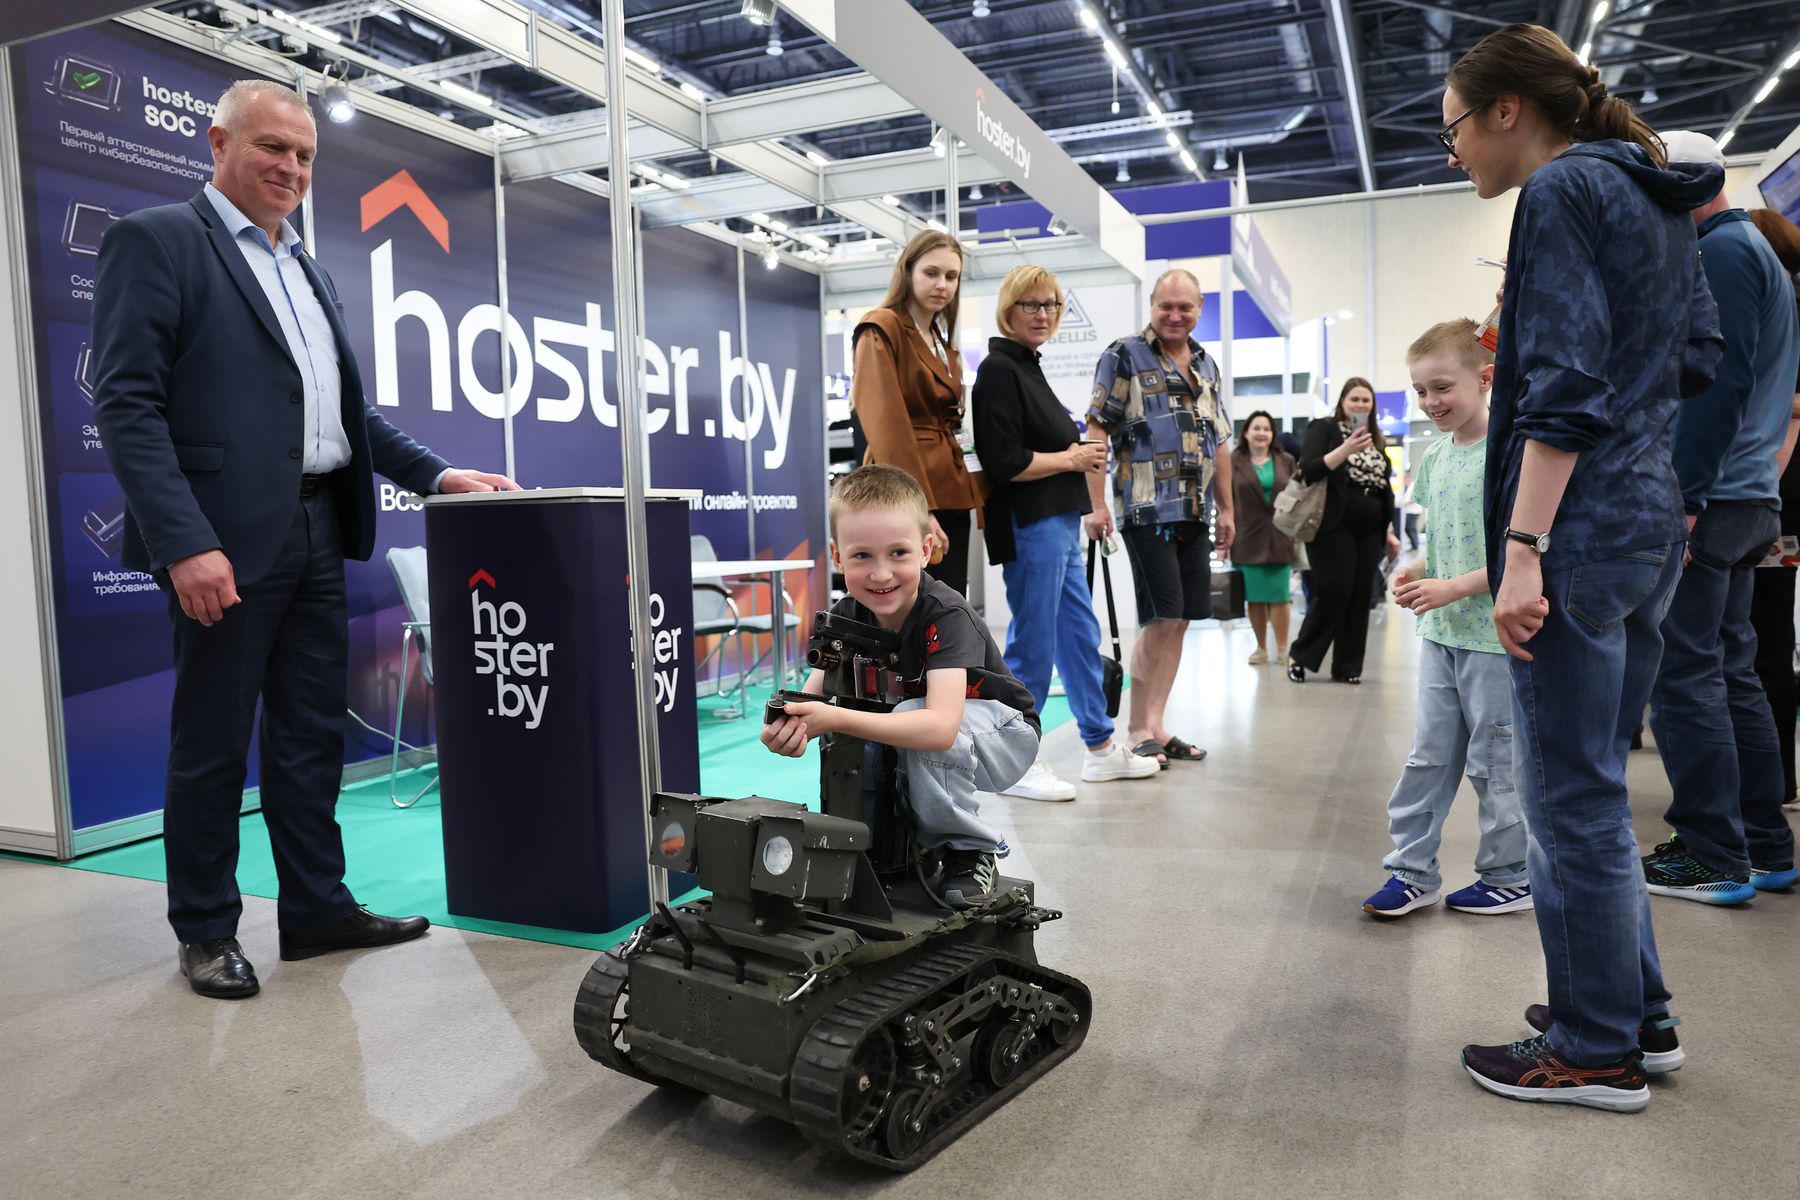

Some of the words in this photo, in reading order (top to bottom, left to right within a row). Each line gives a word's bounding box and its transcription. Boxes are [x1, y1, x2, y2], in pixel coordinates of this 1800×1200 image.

[60, 120, 105, 143] Первый
[107, 135, 187, 165] аттестованный
[144, 104, 196, 138] SOC
[977, 100, 1031, 178] hoster.by
[61, 136, 97, 154] центр
[98, 145, 204, 182] кибербезопасности

> **WORK REQUEST**: Retype the records above exactly, and keep any picture out of what you write.

> **RESULT**:
Some of the words in this photo, in reading order (top to bottom, left to right within a row). Each line gives a word's bounding box and its transcription. Boxes are [x1, y1, x2, y2], in pixel coordinates of this 1800×1200 image.

[60, 120, 105, 143] Первый
[107, 135, 187, 165] аттестованный
[144, 104, 196, 138] SOC
[977, 100, 1031, 178] hoster.by
[61, 136, 97, 154] центр
[98, 145, 204, 182] кибербезопасности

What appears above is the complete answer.